0 Replies Latest reply on Feb 10, 2016 6:08 PM by vijay.balasubramanian

    A-MQ Resource Adapter Nuances

    vijay.balasubramanian

      I deployed active-mq resource adapter (5.11.x) in JBoss EAP 6.x for my projects.  I just wanted to capture what i found so that it will be helpful to others.

       

      • Typically active-mq broker is deployed separately in a Karaf container which your resource adaptor deployed in JBoss EAP would use for messaging.
      • This is different from using HornetQ which is a native messaging broker in EAP 6.x/AS 7.  What that means is that many of the configurations that work with HornetQ RA will not work with Active-MQ RA (eg: transactionTimeout)
      • Connection pooling can be configured in Active-MQ RA, but it is only used for outbound messages (ie: to the broker)

                                  eg:  <xa-pool>

                                      <min-pool-size>0</min-pool-size>

                                      <max-pool-size>3</max-pool-size>

                                      <prefill>true</prefill>

                                      <use-strict-min>true</use-strict-min>                         

                                  </xa-pool>

       

      • Inbound connections does not use the user configured connection pooling mechanism.
      • Number of Inbound connections depend on the number of listeners in EAP.  What this means is that, if you are using MDB's, each MDB type or class will use one inbound connection irrespective of the number of MDB instances of that MDB type in the bean pool.

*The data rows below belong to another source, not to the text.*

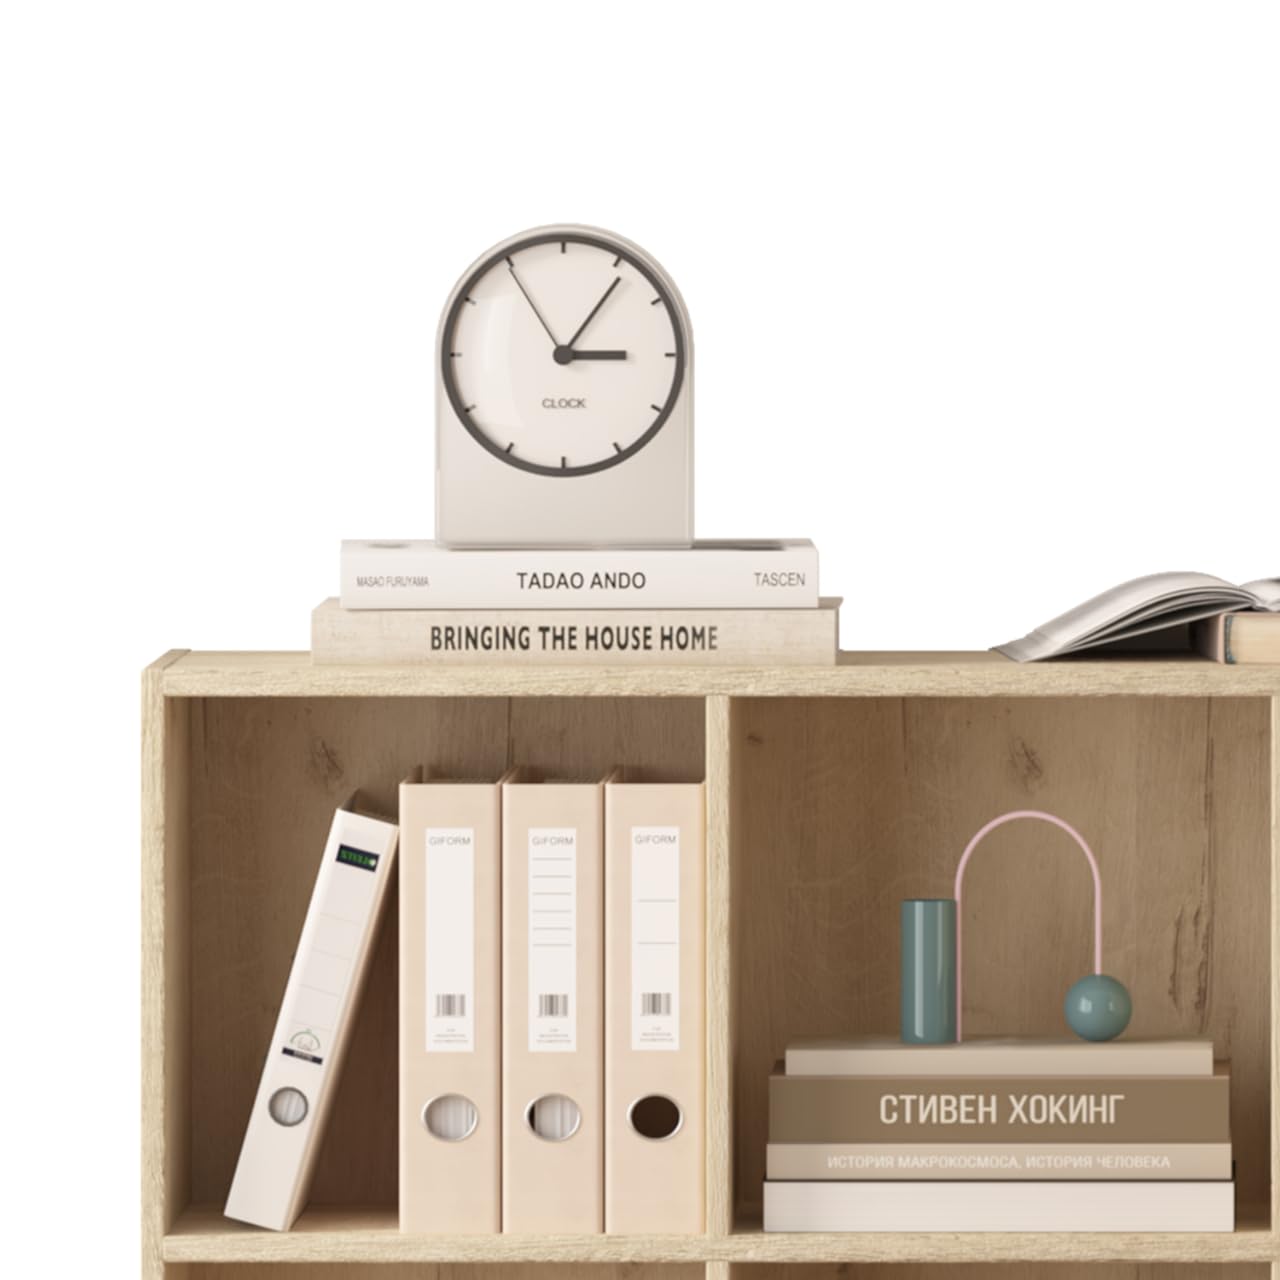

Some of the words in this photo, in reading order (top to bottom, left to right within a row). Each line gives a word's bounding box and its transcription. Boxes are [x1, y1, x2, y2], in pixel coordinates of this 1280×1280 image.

[542, 397, 588, 409] CLOCK
[516, 571, 585, 590] TADAO
[590, 571, 647, 590] ANDO
[754, 572, 807, 588] TASCEN
[430, 625, 531, 651] BRINGING
[538, 625, 578, 651] THE
[585, 625, 653, 651] HOUSE
[660, 625, 719, 651] HOME
[428, 836, 472, 846] GIFORM
[531, 836, 575, 846] GIFORM
[634, 834, 678, 845] GIFORM
[879, 1094, 998, 1125] СТИВЕН
[1008, 1094, 1126, 1125] ХОКИНГ
[827, 1155, 895, 1170] ИСТОРИЯ
[1025, 1155, 1093, 1170] ИСТОРИЯ
[1096, 1155, 1171, 1170] ЧЕЛОВЕКА

                               eg: <strict-max-pool name="mdb-strict-max-pool" max-pool-size="20" instance-acquisition-timeout="5" instance-acquisition-timeout-unit="MINUTES"/>

      • If you are using message selectors and you have 2 MDB types/classes listening to the same queue, RA will use 2 connections.
      • If you observe the # Consumers in Active MQ console, it would match the number of total inbound connections. Note, it would not match the number of MDB bean instances but the MDB bean types.
      • Total TCP connections measured on the Active-MQ broker VM would be a total of inbound and outbound connections in EAP (times number of EAP/client instances)
      • ActiveMQ threads as configured in maxSessions, will grab an MDB from the bean pool and use it.  If the MDB instance is not available, the session thread will wait until an MDB instance is available.  For this reason, it is typical to have the maxSession value to be the same as max-pool-size for the MDB
      • Another point is that the max-pool-size in the <strict-max-pool> pool is the max number of EJB instances per EJB type/class NOT the total number of instances for all EJB types. For example if you have MDB-A in your app, you may have MDB-A instances up to the max-pool-size defined in <strict-max-pool>
      • MDB transactionTimeout configuration is not supported by Active-MQ RA as far as i looked and tested.

       

      I will stand corrected if anyone has a different take on these.